I have used embroidery to embellish a garment before but I was still nervous about filling in such a large area. I am very thankful for the cross stitching I have done over the years and the embellishment project one of my teachers at Massey University had me complete. Thanks, Nina!
With a little experience under my belt I thought it was a good idea to research the best way to embroider the design. It is a large area and a focal point, and I wanted it to look professional. There are a lot of resources out there, and I am afraid that I followed my modus operandi and enjoyed researching so much that I had less time to practice. Between Youtube, websites, my old course notes from school and books I was armed with more than enough information to begin.
A couple of the resources suggested I embroider large areas with alternating long and short Satin Stitches.
I tried this stitch on a practice piece of fabric, and although the stitching looked good, the edge of the embroidered area looked jagged.
This jaggedness was due to the nature of the fabric. I hit the books again and found that often an outline stitch was done before filling in a large area.
After embroidering around the outside of the design, it looked considerably better.
So with my new found knowledge I began to embroider the design.
To embroider you need a few supplies: needle, embroidery thread, hoop, stabilizer, and scissors. I cannot forget if you are like me a good light and a pair of reading glasses are essential. There are different types of each of these supplies available the trick is to ensure you use the right supplies for your garment.
How will it be washed, worn, and what are the qualities of the fabric that could affect your project. This is one thing I should have paid more attention to before I started.
For this project, I used a stick on/tear off stabilizer. My fabric has raised areas, and I did not want an iron to flatten them.
Looking back, this was the first hint that I was not approaching this project the right way, as the raised nature of the design caused problems during embroidering.
I cut out the stabilizer so that it was slightly larger than the embroidery hoop as I was worried the slight stretch of the fabric might distort the fabric without this extra stabilization.
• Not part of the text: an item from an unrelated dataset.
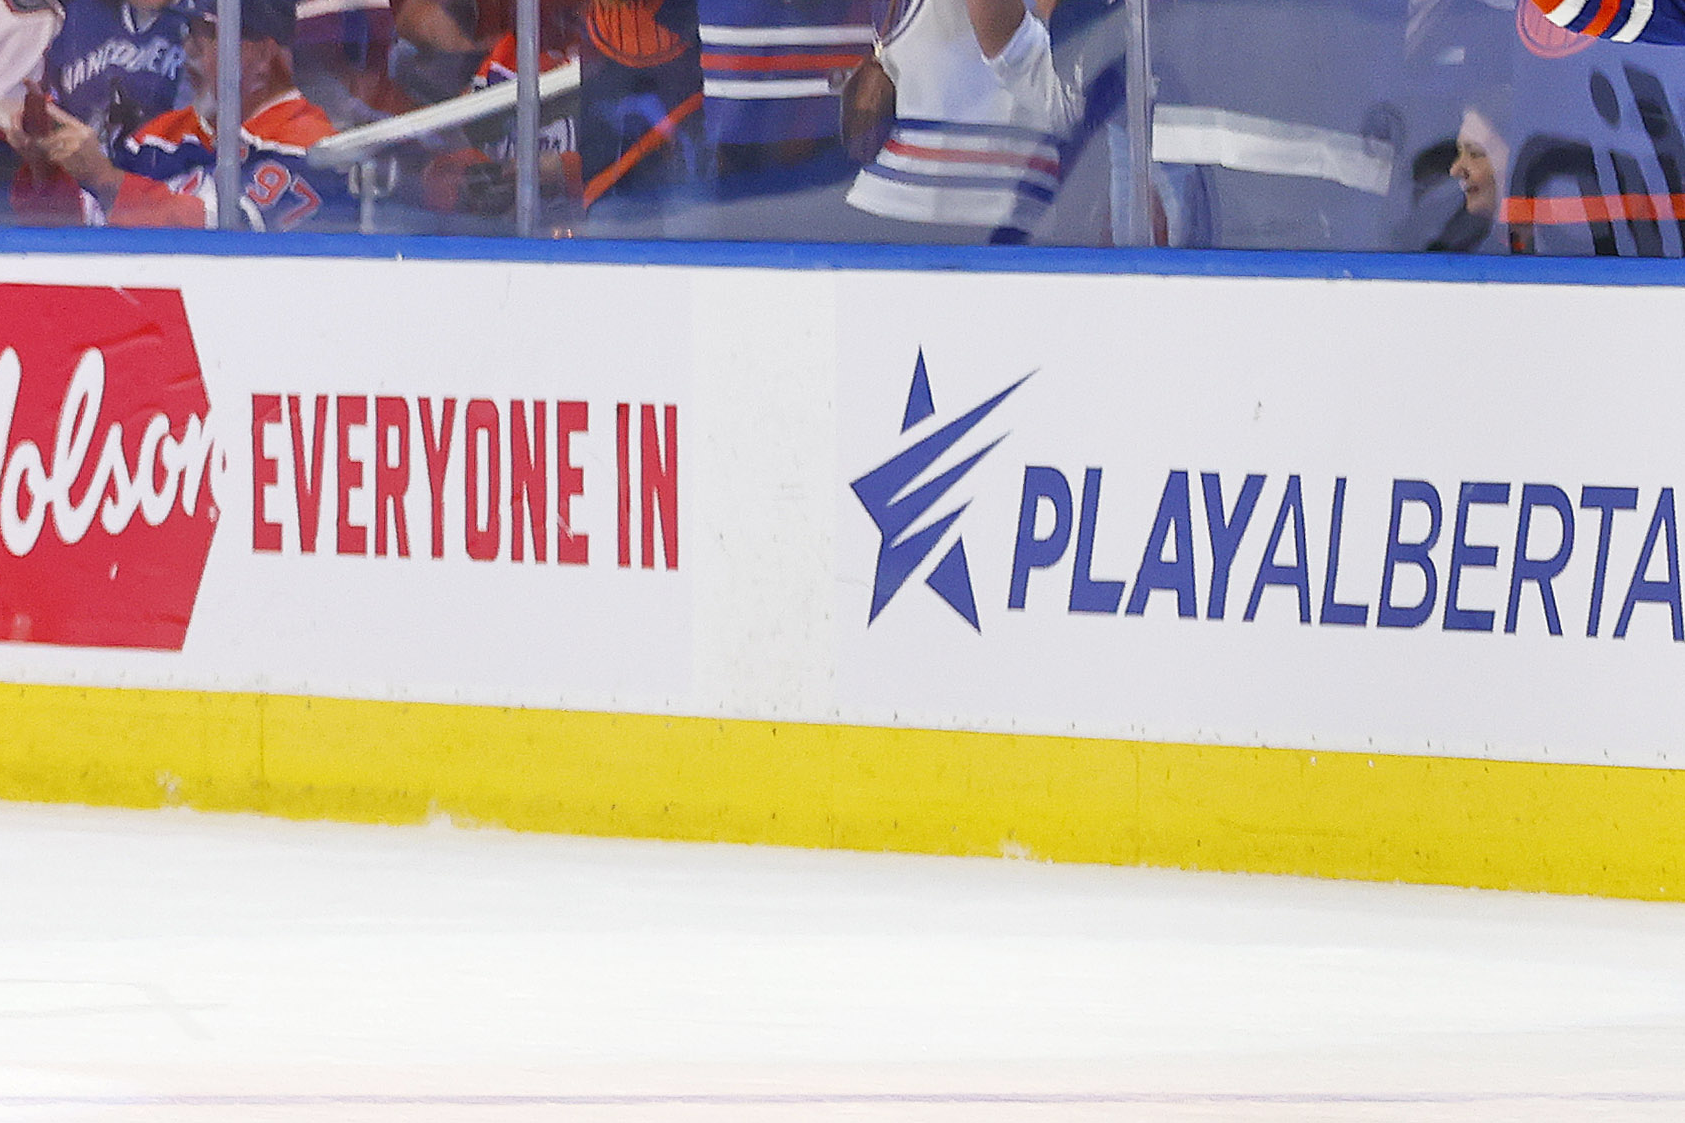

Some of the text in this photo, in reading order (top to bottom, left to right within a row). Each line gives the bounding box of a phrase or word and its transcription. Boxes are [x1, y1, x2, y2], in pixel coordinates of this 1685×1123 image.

[251, 392, 680, 572] EVERYONE IN
[1007, 464, 1685, 643] PLAYALBERTA
I then began embroidering.
I LET MYSELF DOWN A BIT
I started off well, but the irregular surface of the fabric and slight stretch in the raised areas caused difficulties.
The white fabric beneath the embroidery showed through in these sections.
I followed the short then long stitch pattern but do to the uneven surface of the fabric the stitches did not look as orderly as in my research; the stitches slid left or right sometimes.
I ended up abandoning the short-long-short pattern of stitching and instead variegated the stitched in a more random way.
I was pleased with the results considering these factors but disappointed that the design did not turn out looking as orderly as I had hoped.
Next time I will ensure I cover a larger test area so that I have a complete picture of what the design will look like once finished.
I think until I am more experienced, using fabrics that have no stretch and a smooth surface would be advisable.
Don’t get me wrong, I am happy I embroidered this design even if it wasn’t perfect. I wholeheartedly believe it elevates the whole design.